When I decided to jump on the bandwagon and write this list, a whole 30 seconds ago, it seemed like it should be quick and easy. Bang out a few things I’m thankful for, maybe slap in a few pictures, tag it and hit post. The problem is gratitude is not an emotion I’m very good at, either being on the giving or receiving end. It’s not that I’m an ingrate, I just feel like I sound insincere whenever I do try to express my gratitude to someone, so as a result I just tend not to do so verbally. Likewise, I have a love/hate relationship with being on the receiving end. Like everyone else, I do appreciate being appreciated, but at the same time it often makes me intensely uncomfortable. What does all this have to do with my list? Not much at all, it’s mostly just a way for me to stall while I decide what to include.
So, without further ado (in the obligatory cursive font):
What I’m Thankful For
Family and Friends
Of course, at the beginning of any list such as this you’re required by law, or at least social convention, to list your family and friends. Truth be told, even if it was required in order for me not to be thought of as a Horrible Human Being, I still would have included them in this position. Even though I’ve never been terribly close with any of my family, I do know that if I ever really need them, they’d be there for me, which is comforting to know. I have a handful of close friends who I can, and often do, go to and share way more personal information than is probably healthy for any of us, as well as a broader circle of friends that I can rely on to just hang out with and keep me entertained. And finally, of course, I have a wonderful, loving girlfriend who’s willing to put up with all of my quirks and eccentricities, who I can’t imagine being without.
Work
After having been unemployed for a year a couple years ago, having a steady job is not something I take for granted. Sure I complain as much as anyone about my boss, my salary, and the absolutely ridiculous vacation schedule, but the truth is I’m thankful to have a reliable job, with interesting work and people I enjoy working with.
House
One of the benefits of that steady job is that I was able to purchase a house. It’s nice to be on my own and independent again, even if it does come with a never ending stack of bills.
Technology
The only thing better than living in the year 2011 would be living ten years from now. Or ten years after that. Or ten years after that. You get the idea. I’m writing this blog on a custom Windows 7 PC, with photos from an Android smartphone, while listening to music in iTunes, downloading a game on Steam, and recording a show on my PVR (while my eReader waits patiently for me nearby). I’m a tech junkie, so I’m thankful to live in a time where we have so much cool tech to play with, but also to have the financial freedom to be able to afford to play with it.
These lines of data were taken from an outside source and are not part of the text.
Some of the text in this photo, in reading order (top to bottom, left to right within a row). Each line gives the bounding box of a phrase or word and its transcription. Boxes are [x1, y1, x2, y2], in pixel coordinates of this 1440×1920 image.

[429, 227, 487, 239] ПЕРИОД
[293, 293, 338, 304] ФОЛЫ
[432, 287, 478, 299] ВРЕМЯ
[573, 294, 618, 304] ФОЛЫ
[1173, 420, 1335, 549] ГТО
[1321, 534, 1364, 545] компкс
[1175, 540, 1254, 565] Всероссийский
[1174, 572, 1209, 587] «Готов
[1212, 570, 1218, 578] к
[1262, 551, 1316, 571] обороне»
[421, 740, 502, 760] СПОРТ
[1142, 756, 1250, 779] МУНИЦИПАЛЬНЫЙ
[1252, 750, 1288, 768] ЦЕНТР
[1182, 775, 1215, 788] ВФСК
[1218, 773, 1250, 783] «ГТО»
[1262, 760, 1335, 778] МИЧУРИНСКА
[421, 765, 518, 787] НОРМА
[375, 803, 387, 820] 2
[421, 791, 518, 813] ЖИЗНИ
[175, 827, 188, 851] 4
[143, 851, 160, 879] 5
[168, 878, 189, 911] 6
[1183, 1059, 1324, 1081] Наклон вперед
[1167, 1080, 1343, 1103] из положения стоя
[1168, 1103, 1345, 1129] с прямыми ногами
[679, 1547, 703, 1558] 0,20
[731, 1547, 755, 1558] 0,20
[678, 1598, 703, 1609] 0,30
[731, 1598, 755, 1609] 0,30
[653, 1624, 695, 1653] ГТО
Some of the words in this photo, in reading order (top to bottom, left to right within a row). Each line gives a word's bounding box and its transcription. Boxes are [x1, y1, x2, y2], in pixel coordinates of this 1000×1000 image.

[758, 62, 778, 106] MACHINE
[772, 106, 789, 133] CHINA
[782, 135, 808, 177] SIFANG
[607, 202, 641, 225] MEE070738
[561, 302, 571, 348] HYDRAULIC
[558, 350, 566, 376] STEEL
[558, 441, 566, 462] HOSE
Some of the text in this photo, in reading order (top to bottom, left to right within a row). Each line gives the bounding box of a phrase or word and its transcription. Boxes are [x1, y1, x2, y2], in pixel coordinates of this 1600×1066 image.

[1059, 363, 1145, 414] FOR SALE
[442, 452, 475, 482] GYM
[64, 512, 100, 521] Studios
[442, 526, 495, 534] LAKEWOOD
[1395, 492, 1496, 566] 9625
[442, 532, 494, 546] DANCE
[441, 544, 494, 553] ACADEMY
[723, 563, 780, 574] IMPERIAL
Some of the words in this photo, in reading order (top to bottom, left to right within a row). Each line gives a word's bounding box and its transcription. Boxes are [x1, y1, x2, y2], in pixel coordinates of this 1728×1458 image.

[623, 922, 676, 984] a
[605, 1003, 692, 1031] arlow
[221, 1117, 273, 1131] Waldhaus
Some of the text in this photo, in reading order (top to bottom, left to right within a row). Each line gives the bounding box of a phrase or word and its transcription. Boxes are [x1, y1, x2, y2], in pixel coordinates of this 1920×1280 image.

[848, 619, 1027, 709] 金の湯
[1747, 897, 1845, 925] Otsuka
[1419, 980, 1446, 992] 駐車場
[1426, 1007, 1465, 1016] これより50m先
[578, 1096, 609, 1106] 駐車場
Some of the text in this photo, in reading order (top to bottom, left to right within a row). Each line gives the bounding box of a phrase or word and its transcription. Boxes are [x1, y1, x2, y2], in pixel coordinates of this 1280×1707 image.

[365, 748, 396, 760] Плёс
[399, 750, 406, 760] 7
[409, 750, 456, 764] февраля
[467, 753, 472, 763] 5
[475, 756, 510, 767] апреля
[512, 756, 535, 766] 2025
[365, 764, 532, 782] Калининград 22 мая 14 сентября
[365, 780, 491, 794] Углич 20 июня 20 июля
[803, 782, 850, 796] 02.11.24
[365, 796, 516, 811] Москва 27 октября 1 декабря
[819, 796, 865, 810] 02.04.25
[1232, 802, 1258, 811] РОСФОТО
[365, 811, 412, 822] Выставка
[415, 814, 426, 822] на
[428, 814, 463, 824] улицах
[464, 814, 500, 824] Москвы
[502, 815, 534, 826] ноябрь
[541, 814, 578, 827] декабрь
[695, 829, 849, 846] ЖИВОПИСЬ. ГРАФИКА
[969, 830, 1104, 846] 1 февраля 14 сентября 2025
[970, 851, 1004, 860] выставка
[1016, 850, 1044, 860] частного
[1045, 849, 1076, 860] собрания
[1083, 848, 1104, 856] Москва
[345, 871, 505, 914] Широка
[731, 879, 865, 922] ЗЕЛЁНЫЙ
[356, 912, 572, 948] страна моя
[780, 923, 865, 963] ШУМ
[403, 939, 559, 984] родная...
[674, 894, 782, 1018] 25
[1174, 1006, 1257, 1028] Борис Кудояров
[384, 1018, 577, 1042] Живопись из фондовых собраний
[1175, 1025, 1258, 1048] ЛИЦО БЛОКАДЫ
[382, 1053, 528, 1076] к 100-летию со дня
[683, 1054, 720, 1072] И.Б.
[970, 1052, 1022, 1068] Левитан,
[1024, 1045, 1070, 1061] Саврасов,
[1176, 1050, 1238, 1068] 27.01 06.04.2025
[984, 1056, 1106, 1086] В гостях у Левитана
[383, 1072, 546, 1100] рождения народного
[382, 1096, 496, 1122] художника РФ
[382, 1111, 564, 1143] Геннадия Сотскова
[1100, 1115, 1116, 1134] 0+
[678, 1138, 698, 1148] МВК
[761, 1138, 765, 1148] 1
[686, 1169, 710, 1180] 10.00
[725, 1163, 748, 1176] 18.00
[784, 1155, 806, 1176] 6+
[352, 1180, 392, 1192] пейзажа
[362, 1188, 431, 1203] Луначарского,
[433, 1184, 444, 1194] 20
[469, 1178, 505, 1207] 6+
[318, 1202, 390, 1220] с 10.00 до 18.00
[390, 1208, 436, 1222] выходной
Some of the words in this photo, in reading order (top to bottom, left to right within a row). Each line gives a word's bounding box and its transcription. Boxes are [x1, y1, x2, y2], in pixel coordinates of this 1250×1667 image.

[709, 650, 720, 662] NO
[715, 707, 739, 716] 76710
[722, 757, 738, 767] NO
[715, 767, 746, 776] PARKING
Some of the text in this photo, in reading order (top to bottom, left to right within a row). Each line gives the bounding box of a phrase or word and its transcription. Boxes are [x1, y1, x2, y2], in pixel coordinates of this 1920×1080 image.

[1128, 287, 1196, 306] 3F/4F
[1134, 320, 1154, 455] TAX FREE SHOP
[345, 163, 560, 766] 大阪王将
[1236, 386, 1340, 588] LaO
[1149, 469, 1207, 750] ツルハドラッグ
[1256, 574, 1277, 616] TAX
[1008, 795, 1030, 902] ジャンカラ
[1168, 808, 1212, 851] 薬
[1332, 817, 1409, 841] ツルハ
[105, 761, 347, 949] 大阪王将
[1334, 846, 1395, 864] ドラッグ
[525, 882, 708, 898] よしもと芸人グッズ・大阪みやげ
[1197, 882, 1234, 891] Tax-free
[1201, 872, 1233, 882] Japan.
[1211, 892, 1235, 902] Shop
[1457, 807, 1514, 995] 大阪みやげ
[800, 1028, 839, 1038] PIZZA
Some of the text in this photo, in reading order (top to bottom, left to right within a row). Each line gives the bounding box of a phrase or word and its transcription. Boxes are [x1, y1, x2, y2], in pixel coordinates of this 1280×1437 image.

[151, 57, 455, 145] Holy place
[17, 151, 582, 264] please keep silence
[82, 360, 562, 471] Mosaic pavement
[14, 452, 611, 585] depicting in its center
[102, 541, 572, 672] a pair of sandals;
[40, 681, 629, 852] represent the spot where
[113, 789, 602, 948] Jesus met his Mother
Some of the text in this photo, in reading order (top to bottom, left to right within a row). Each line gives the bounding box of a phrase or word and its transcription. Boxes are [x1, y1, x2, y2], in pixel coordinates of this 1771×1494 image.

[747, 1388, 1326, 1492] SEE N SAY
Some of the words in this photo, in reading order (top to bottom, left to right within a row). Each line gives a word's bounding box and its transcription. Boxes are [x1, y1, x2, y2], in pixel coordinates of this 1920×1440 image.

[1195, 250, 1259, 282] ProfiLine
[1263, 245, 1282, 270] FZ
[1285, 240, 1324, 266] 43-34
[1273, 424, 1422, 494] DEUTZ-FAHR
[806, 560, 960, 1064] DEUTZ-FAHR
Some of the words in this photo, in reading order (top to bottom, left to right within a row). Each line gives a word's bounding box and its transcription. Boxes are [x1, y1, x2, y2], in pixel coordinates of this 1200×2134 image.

People, prosperity, shelter. Check, check, check. A frivolous one just to keep things interesting. Check. Looks like that’s about it for my list. I know it’s full clichés, but that doesn’t make it any less heartfelt (see, there I go questioning my own sincerity again). Regardless, that’s all I’ve got for today. I hope you have a great long weekend (and if you’re not in Canada, feel free to defer those wishes until your next long weekend rolls around).